The grants have been given to companies to “demonstrate creative, community led approaches, ones that will help stimulate fresh demand, provide new spaces for a range of activities and help bring back lost footfall.”

The building was constructed in the Victorian era as an upmarket department store, and also has an entrance on Piccadilly. It is located in the Bradford City Centre Conservation Area, but has struggled to find a new occupier in recent years.

Fuse Art Space opened in 2014 to tap into the “growing buzz about the city’s cultural life.”

Since then it has hosted an eclectic array of music and art events, hosting acclaimed Tuvan Throat singers Alash Ensemble for a rare UK gig, an exhibition that explored the female form from the perspective of female artists and Canvas, an exhibition involving just a chair, table and phone that visitors could answer to be given artistic “tasks” to carry out themselves.

A statement from the gallery said: “The new facility, like the old, will continue to work closely and in consultation with the communities it serves and to re-invest any profits into the provision of its facilities, trading for the benefit of its artists and audiences through the selling or merchandise and music and working closely with other local like-minded businesses to provide the services we don’t offer.”

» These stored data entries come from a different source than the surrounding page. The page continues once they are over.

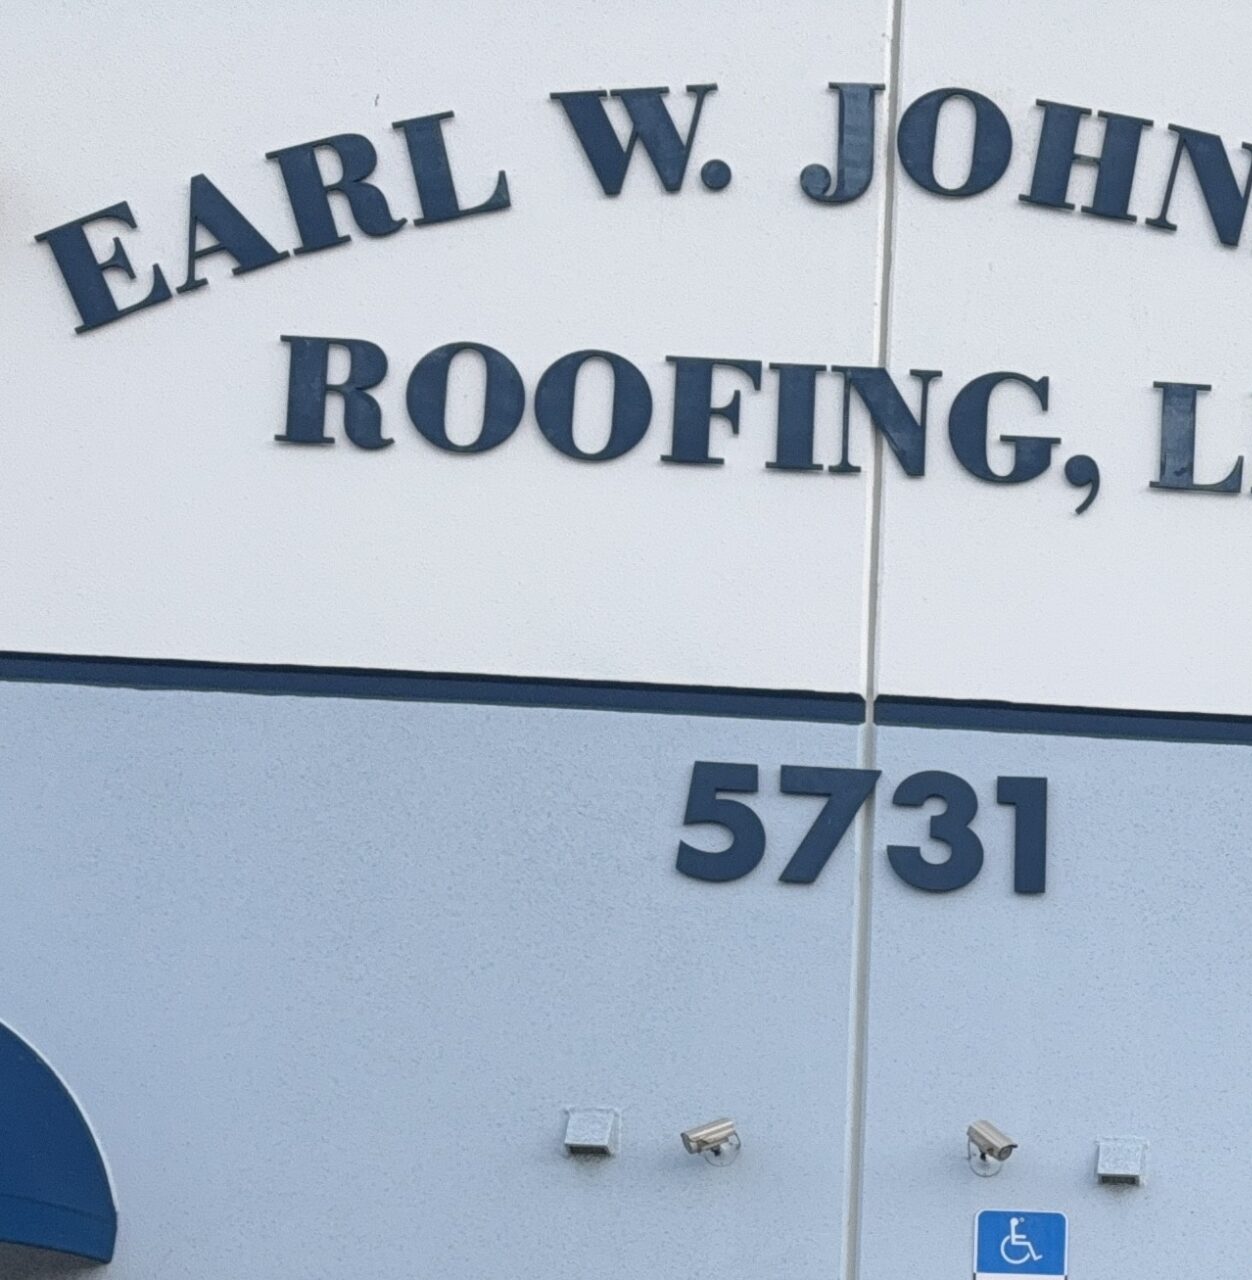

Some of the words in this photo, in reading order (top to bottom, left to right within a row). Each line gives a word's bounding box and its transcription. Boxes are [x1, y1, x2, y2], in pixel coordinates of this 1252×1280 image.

[35, 111, 512, 336] EARL
[549, 82, 732, 199] W.
[274, 335, 1101, 516] ROOFING,
[674, 760, 1049, 898] 5731
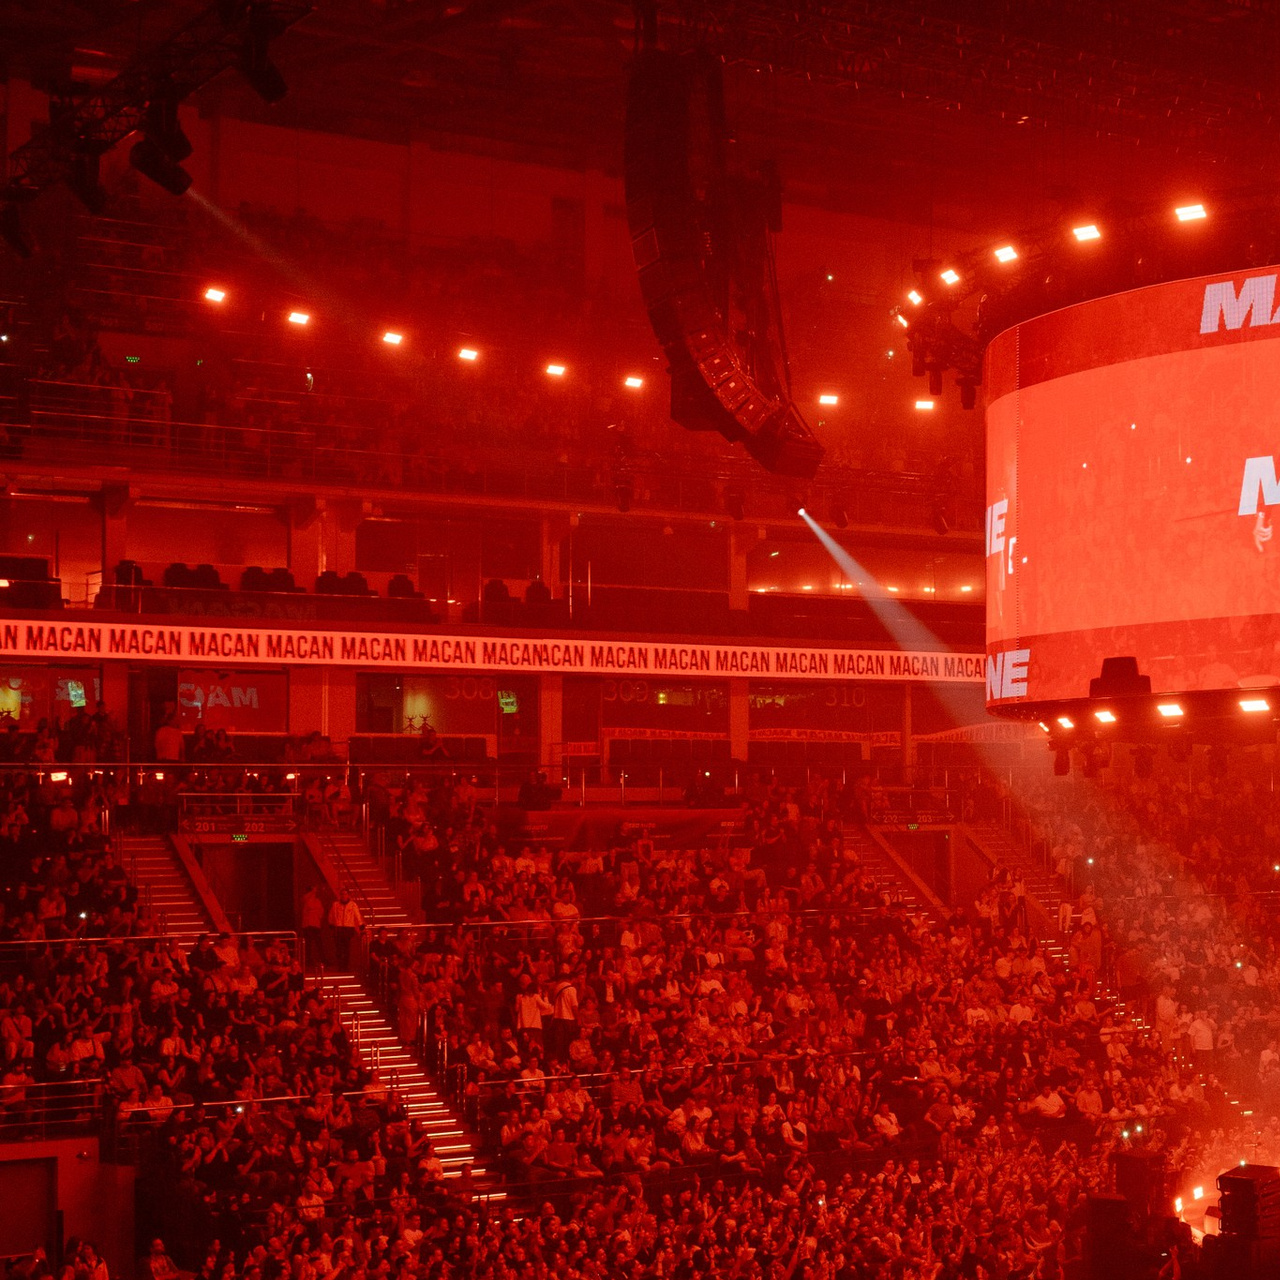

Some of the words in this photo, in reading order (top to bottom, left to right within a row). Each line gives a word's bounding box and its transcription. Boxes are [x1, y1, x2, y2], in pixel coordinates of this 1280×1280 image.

[26, 626, 101, 652] MACAN
[109, 629, 181, 655] MACAN
[189, 632, 259, 657] MACAN
[266, 634, 334, 659] MACAN
[341, 637, 406, 661] MACAN
[413, 639, 476, 664] MACAN
[591, 646, 648, 669] MACAN
[654, 648, 710, 670] MACAN
[716, 650, 770, 672] MACAN
[776, 652, 828, 674] MACAN
[834, 654, 884, 675] MACAN
[890, 655, 938, 676] MACAN
[445, 677, 495, 700] 308
[824, 687, 867, 708] 310
[195, 822, 216, 832] 201
[244, 822, 265, 832] 202

FUSE Art Space Gallery Manager and local artist, Lukas Hornby said: “It feels like there is a new spirit of cooperation and collaboration in Bradford at the moment and we hope that all of those contributing to Bradfords creative communities can experience the benefit of renewed interest in Bradford from the press and from national funding bodies.

“We’d like to be at the heart of this with our own grassroots approach to creative development in the City Centre, championing those who are pushing boundaries in their practice and those that simply have a message to give through music, performance, and visual art.”

Si Cunningham, Chair of the Bradford Civic Society, said: “I’m really pleased to hear that FUSE have secured this funding, and their proposal sounds like exactly the sort of thing we need to see more of on Darley Street.

“The buildings on upper Darley Street are very beautiful, but they are in real need of some love. An arts hub at street level would provide a tremendous boost to the area.

“With work underway on the new market, and some of the Townscape Heritage sites in the advanced stages of planning, 2020 could be a pretty exciting year for Darley Street.”

Fuse says the new facility will to provide opportunities for emerging artists, provide opportunities for people in Bradford to access “world-class modern art, music and culture”, and “propel the regeneration of

Bradford’s northern quarter.”

Eleanor Barrett from arts group Brick Box, who is also part of the 2025 culture bid, said: “We are very excited to hear the news that Fuse has won funding through the Transforming Places Through Heritage Fund. This kind of grassroots initiative to restore and develop buildings for innovative creative uses is exactly what Bradford needs. The more we take control of our assets and provide spaces in which the cultural life of the city can thrive, the better we will serve our communities and enable Bradford’s powerful creative spirit and energy to be seen and heard. City of Culture 2025 will then become an entirely logical progression.”